Tuples are an immutable type. Like strings, once you create them, you cannot change them. It is their immutability that allows you to use them as keys in dictionaries. However, they are similar to lists in that they are a collection of data and that data can be of differing types.

In [56]:
# Tuple grocery list

groceries = ('orange', 'meat', 'asparangus', 2.5, True)

print (groceries)

#print(groceries[2])

#groceries[2] = 'milk'

L = [1,2,3]
t = tuple(L)
print(t)
L[1] = 5
print(t)
t[1] = 4

('orange', 'meat', 'asparangus', 2.5, True)
(1, 2, 3)
(1, 2, 3)

---------------------------------------------------------------------------
TypeError                                 Traceback (most recent call last)
<ipython-input-56-ead4db6fadf4> in <module>()
     14 L[1] = 5
     15 print(t)
---> 16 t[1] = 4

TypeError: 'tuple' object does not support item assignment

Sets:

A set is a sequence of items that cannot contain duplicates. They handle operations like sets in mathematics.

In [ ]:
numbers = range(10)
evens = [2, 4, 6, 8]

evens = set(evens)
numbers = set(numbers)

# Use difference to find the odds
odds = numbers - evens

print (odds)

# Note: Set also allows for use of union (|), and intersection (&)
In [57]:
a = [2,1,2,1]
print (a)
a = set(a)
print(a)

[2, 1, 2, 1]
{1, 2}

Dictionaries:

A dictionary is a map of keys to values. This is one of the most useful structures. Keys must be unique and immutable.

In [58]:
# A simple dictionary

simple_dict = {'cse012': 'data mining'}

# Access by key
print (simple_dict['cse012'])

data mining
In [59]:
# A longer dictionary
classes = {
    'cse012': 'data mining',
    'cse205': 'object oriented programming'
}

# Check if item is in dictionary
print ('cse012' in classes)

# Add new item
classes['L14'] = 'social networks'
print (classes['L14'])

# Print just the keys
print (list(classes.keys()))

# Print just the values
print (list(classes.values()))

# Print the items in the dictionary
print (list(classes.items()))

# Print dictionary pairs another way
for key, value in classes.items():
    print (key, value)

True
social networks
['cse205', 'L14', 'cse012']
['object oriented programming', 'social networks', 'data mining']
[('cse205', 'object oriented programming'), ('L14', 'social networks'), ('cse012', 'data mining')]
cse205 object oriented programming
L14 social networks
cse012 data mining
In [60]:
for key in classes:
    print (key, classes[key])

cse205 object oriented programming
L14 social networks
cse012 data mining
In [61]:
#change values in a dictionary
classes['L14'] = 'graduate social networks'
print (classes['L14'])

graduate social networks
In [62]:
# Complex Data structures
# Dictionaries inside a dictionary!

professors = {
    "prof1": {
        "name": "Panayiotis Tsaparas",
        "department": "Computer Science",
        "research interests": ["algorithms", "data mining", "machine learning",]
    },
    "prof2": {
        "name": "Yanis Varoufakis",
        "department": "Economics",
        "interests": ["debt", "game theory", "parallel currency",],
    }
}

for prof in professors:
    print (professors[prof]["name"])

Yanis Varoufakis
Panayiotis Tsaparas
In [64]:
professors['prof2']['interests'][1]
Out[64]:
'game theory'

Depending on the task that we want to perform, it makes a bid difference in efficiency what structure we use.
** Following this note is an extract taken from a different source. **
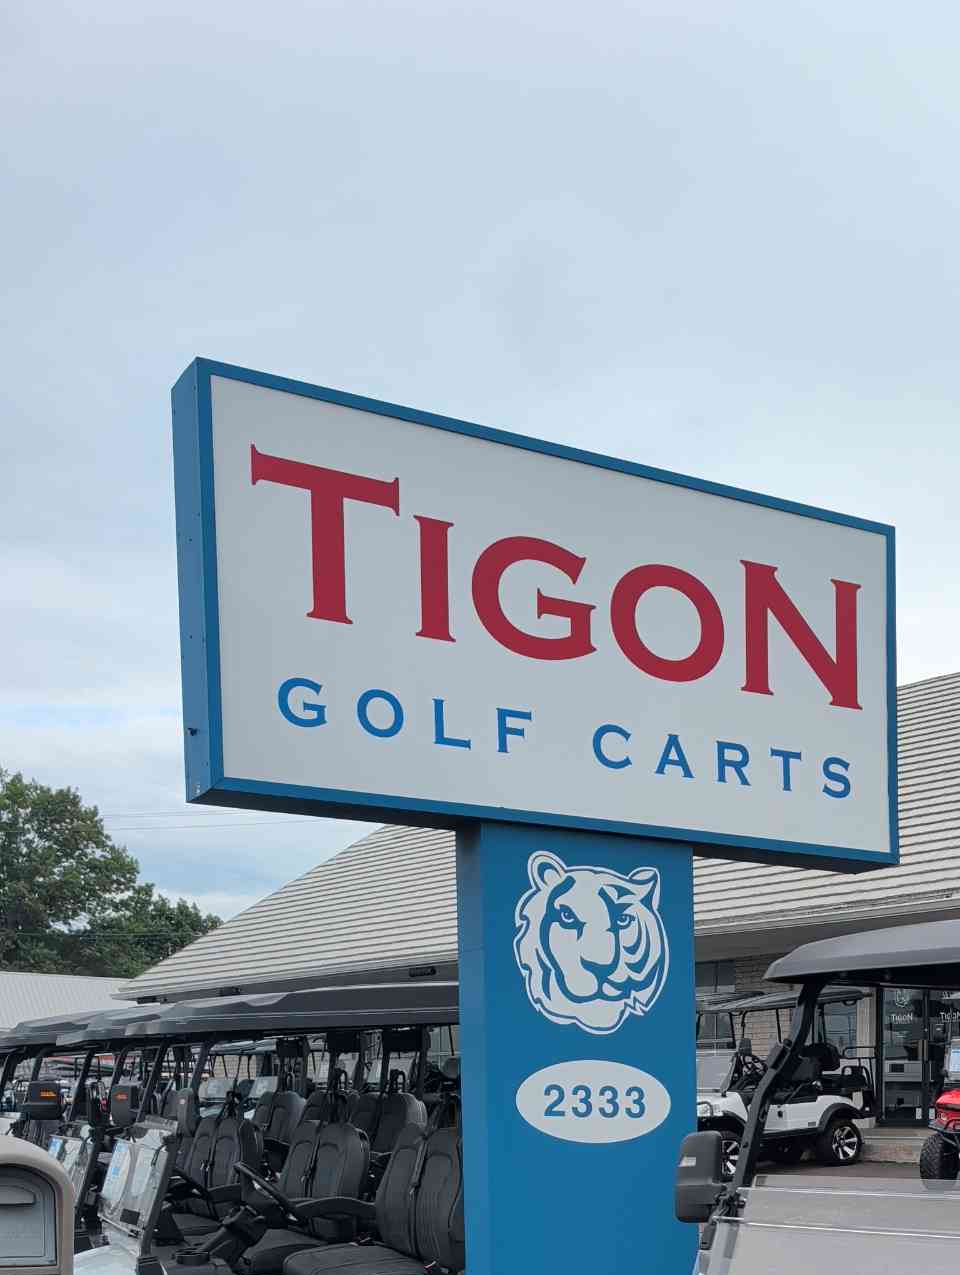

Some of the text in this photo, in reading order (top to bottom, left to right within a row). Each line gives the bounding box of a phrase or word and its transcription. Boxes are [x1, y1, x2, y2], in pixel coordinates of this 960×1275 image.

[250, 444, 863, 711] TIGON
[277, 677, 852, 799] GOLF CARTS
[543, 1083, 646, 1119] 2333
When searching over a structure it is important to use a Set or a Dictionary structure since search is done in constant time in expectation (or O(logn) worst case). This makes a huge difference when dealing with large datasets.

In [5]:
# The importance of using the right structure:
import random
L = [random.choice(range(1000000)) for i in range(1000)]
import time
t = time.clock()
count = 0;
for x in range(1000000):
    if x in L:
        count += 1
print (time.clock() - t)

26.21975488869904
In [6]:
S = set(L)
t = time.clock()
count = 0;
for x in range(1000000):
    if x in S:
        count += 1
print (time.clock() - t)

0.14673384039315351
In [72]:
#What structure should we use for storing the edges of a graph with millions of edges?
L = [[1,2],[1,4],[2,5],[3,7],[5,7],[6,8]] # etc...
S = set([tuple(x) for x in L])
print(S)

#What if we have also a weight on the edges, and we want to get the weight?
L = [[1,2,0.2],[1,4,0.5],[2,5,0.8],[3,7,0.1],[5,7,0.4],[6,8,0.9]] 
D = {}
for x in L:
    D[tuple(x[0:2])] = float(x[2])
print(D)

#What if we want to be able to get the neighbors of each node and the weight of the edge?
D = {}
for x in L:
    v1,v2,w = x
    if v1 in D:
        D[v1][v2] = w
    else:
        D[v1] = {}
        D[v1][v2] = w
print(D)
print(D[1][2])

{(1, 2), (6, 8), (5, 7), (1, 4), (3, 7), (2, 5)}
{(1, 2): 0.2, (6, 8): 0.9, (3, 7): 0.1, (2, 5): 0.8, (5, 7): 0.4, (1, 4): 0.5}
{1: {2: 0.2, 4: 0.5}, 2: {5: 0.8}, 3: {7: 0.1}, 5: {7: 0.4}, 6: {8: 0.9}}
0.2

Lambda functions

Python supports the creation of anonymous functions (i.e. functions that are not bound to a name) at runtime, using a construct called "lambda".

In [24]:
def f (x): return x**2
print (f(8))

64
In [25]:
g = lambda x: x**2
print (g(8))

64

The above pieces of code are equivalent to each other! Note that there is no ``return" statement in the lambda function. A lambda function does not need to be assigned to variable, but it can be used within the code wherever a function is expected.

In [26]:
f = lambda x, y : x + y
print (f(2,3))

5
In [27]:
def multiply (n): return lambda x: x*n
 
multiply_by_2 = multiply(2)
g = multiply(6)
print (multiply_by_2)
print (multiply_by_2(10), g(10))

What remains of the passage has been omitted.